Segment Open

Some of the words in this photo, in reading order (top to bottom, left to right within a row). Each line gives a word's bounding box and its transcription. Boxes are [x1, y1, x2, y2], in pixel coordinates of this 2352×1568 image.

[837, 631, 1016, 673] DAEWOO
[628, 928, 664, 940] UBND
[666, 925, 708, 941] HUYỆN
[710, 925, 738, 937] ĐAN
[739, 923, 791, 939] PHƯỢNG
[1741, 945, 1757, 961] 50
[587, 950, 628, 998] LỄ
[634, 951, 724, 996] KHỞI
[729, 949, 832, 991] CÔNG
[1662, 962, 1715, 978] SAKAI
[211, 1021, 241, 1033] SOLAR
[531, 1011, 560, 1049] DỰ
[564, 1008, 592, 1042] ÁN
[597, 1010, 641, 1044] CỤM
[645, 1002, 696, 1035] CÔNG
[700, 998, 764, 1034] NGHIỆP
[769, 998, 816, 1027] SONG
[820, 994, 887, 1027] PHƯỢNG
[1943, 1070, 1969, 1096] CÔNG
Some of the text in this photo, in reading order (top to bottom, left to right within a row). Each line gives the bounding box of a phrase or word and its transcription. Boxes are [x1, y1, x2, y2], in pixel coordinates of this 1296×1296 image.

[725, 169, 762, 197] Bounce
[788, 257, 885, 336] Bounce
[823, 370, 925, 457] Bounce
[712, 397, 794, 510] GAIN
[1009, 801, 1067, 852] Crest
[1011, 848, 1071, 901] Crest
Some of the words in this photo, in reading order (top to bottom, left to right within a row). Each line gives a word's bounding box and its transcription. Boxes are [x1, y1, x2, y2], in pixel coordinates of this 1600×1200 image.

Segment Closed

Work to complete - Every line must be copied exactly as it stands above.

Solution for this problem -
Some of the words in this photo, in reading order (top to bottom, left to right within a row). Each line gives a word's bounding box and its transcription. Boxes are [x1, y1, x2, y2], in pixel coordinates of this 2352×1568 image.

[837, 631, 1016, 673] DAEWOO
[628, 928, 664, 940] UBND
[666, 925, 708, 941] HUYỆN
[710, 925, 738, 937] ĐAN
[739, 923, 791, 939] PHƯỢNG
[1741, 945, 1757, 961] 50
[587, 950, 628, 998] LỄ
[634, 951, 724, 996] KHỞI
[729, 949, 832, 991] CÔNG
[1662, 962, 1715, 978] SAKAI
[211, 1021, 241, 1033] SOLAR
[531, 1011, 560, 1049] DỰ
[564, 1008, 592, 1042] ÁN
[597, 1010, 641, 1044] CỤM
[645, 1002, 696, 1035] CÔNG
[700, 998, 764, 1034] NGHIỆP
[769, 998, 816, 1027] SONG
[820, 994, 887, 1027] PHƯỢNG
[1943, 1070, 1969, 1096] CÔNG
Some of the text in this photo, in reading order (top to bottom, left to right within a row). Each line gives the bounding box of a phrase or word and its transcription. Boxes are [x1, y1, x2, y2], in pixel coordinates of this 1296×1296 image.

[725, 169, 762, 197] Bounce
[788, 257, 885, 336] Bounce
[823, 370, 925, 457] Bounce
[712, 397, 794, 510] GAIN
[1009, 801, 1067, 852] Crest
[1011, 848, 1071, 901] Crest
Some of the words in this photo, in reading order (top to bottom, left to right within a row). Each line gives a word's bounding box and its transcription. Boxes are [x1, y1, x2, y2], in pixel coordinates of this 1600×1200 image.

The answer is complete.